I have made the acquaintance of a professor in Korea who teaches at the Korean Nazarene college. His blog is honest, revealing and insightful. He gave me permission to share this post with you. I hope you enjoy it.
This morning I heard the sad news that Elmer Hays, a long-time family friend who was more like family, passed away. He had been sick for quite a well and from what I hear he had been praying to be sent home away from a body that was inflicting so much pain.
I realized tonight when I started crying after seeing his obituary, apparently the realization that his passing wasn’t simply a nasty rumor, that he was a significant piece to me being who I am today, one of the many people that is easy to take for granted for all the good things that have taken place in my life in spite of the many difficulties. In fact, I think talking about him is right in line with my ongoing discussion with my reflections on shame.
When I was a little boy (I’m sure that is a classic storyline, right?) my mom babysat four boys who demanded a lot of attention. I’m sure my brother blended right in with them but apparently Elmer realized this wasn’t the case more than anybody else. At some point, he noticed that I hardly even talked amongst the rest of the clan and he had a talk with my dad about this which I’m sure was pretty forceful. I don’t know what was said but I don’t think it was too long after that Mom didn’t babysit those four brothers anymore. And from what my dad tells me, I started coming out of my shell. Thanks, Elmer, for telling me then and so many years later, “You’re important.”

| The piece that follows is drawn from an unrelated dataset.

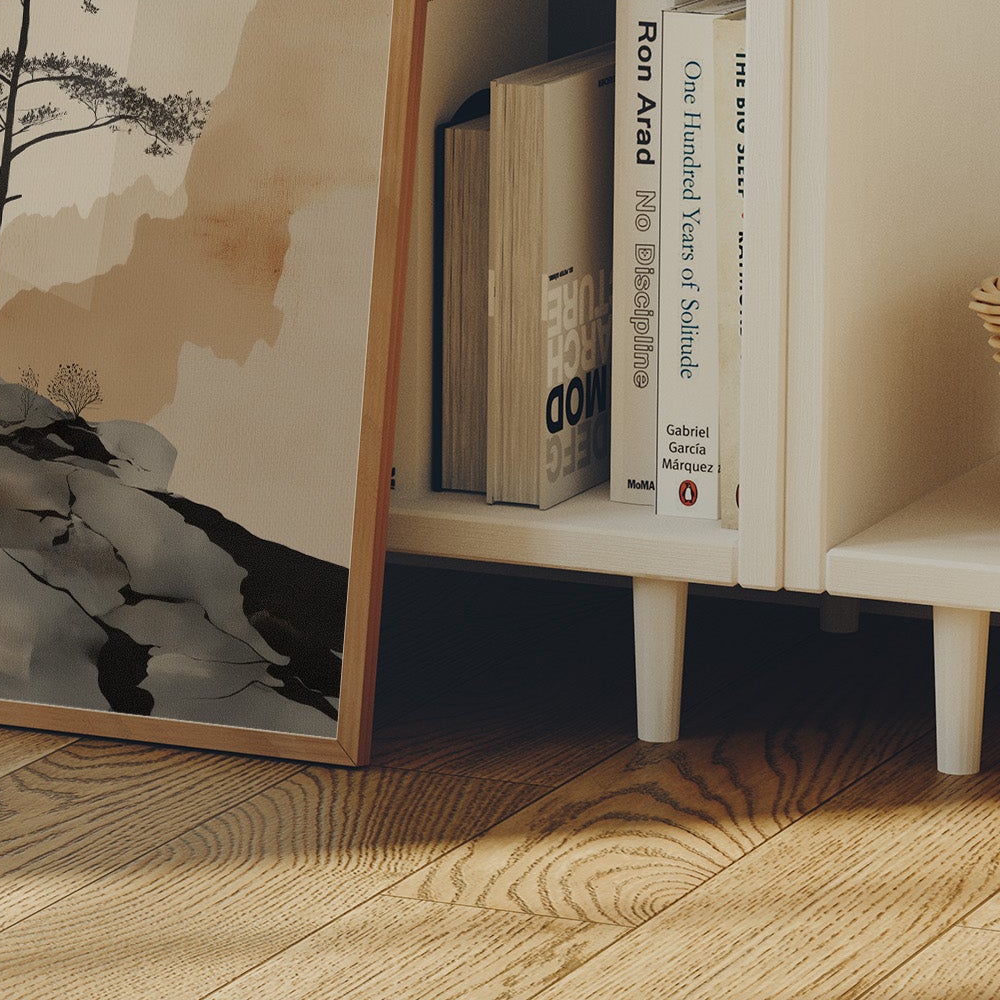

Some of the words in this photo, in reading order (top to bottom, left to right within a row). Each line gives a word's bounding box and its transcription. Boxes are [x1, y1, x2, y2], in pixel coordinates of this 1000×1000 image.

I remember one time when Elmer took Mom, my older brother Bruce and I to Mom’s hometown in the company van. On the way there or back, Elmer spotted a turtle on the highway and pulled over so he could rescue that turtle and give it to Bruce and I to take care of. Of course the rest of the story is that in one of my moments of selfishness the turtle got away because Bruce went inside to use the bathroom and I was ordered to watch the turtle. That didn’t seem too exciting to me, especially being ordered around by my brother. Anyway, thanks Elmer, for telling the turtle, “You’re important.”
It’s funny how much pressure I put on myself to be an outgoing person and say all the right things. When I think of Elmer I remember four things: his eyes, his beard, his smile and his hand that I always shook when we met. The most impressionable part of him to me was his eyes for it was with his eyes that he told me, “You’re important.” I still remember that look so many years after seeing him face to face.

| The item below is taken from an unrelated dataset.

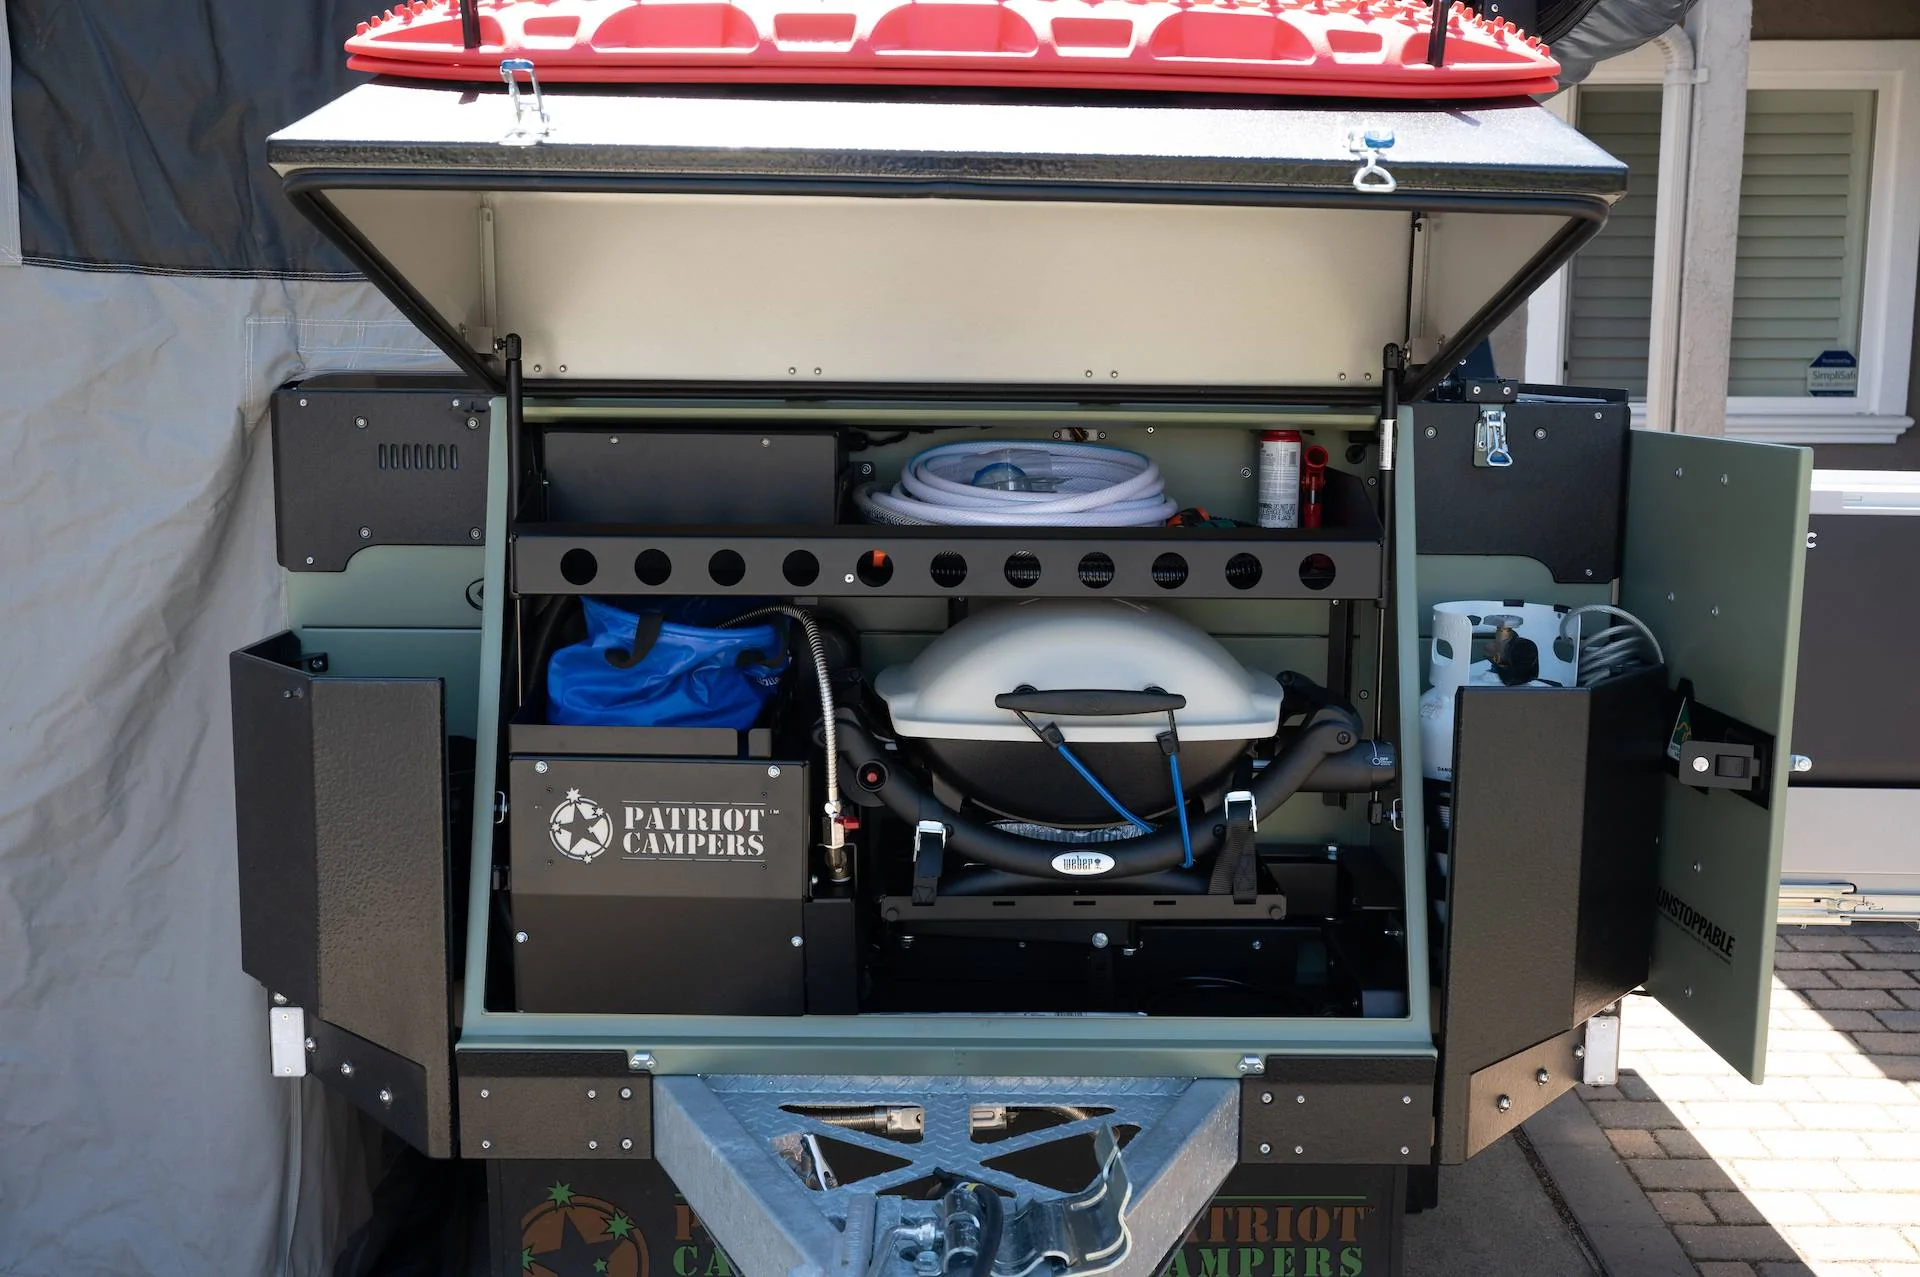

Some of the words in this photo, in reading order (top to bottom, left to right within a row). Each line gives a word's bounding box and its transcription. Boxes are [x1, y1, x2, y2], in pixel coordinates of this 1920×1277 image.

One of the later memories I have of him, perhaps the last of him when he was in really good health, was when I was attending a Bible school about 45 minutes from Elmer and Francee’s house. I somehow wound up visiting them one night and we talked about my confusion about eternal security. Elmer seemed to agree wholeheartedly with my dad on that issue but he gave a slightly different interpretation that was beneficial to me. Once again I heard him say, “You’re important.”
Elmer was also very respectful to Dad. There was a time in my life when I didn’t respect my dad as much as I do now and Elmer told me what a good friend Dad was. That made me really proud. I heard him say, “You’re dad is important and so are you.”
It may sound like I’m exaggerating that point but I think in most if not all of my interactions with Elmer that was the message I got the most from him. What you may not know about Elmer is that he was a big man and he gave me the impression that he could get mad at somebody and even hurt them if he really wanted to. And yet in his dealings with me, and this was probably his real personality, he was as tender of a person as anyone could ever meet.
I’m sorry to Elmer Hays for all the times that I doubted myself and felt like the whole world was turning against me, including myself, that I forgot what you always said to me: “You’re important.” I also know that you’re important and I will never forget all the good things you did for me. And thanks for saying a word to Dad to give me the love and attention that I needed. I suppose I was worthy of that but your actions were most definitely an act of grace.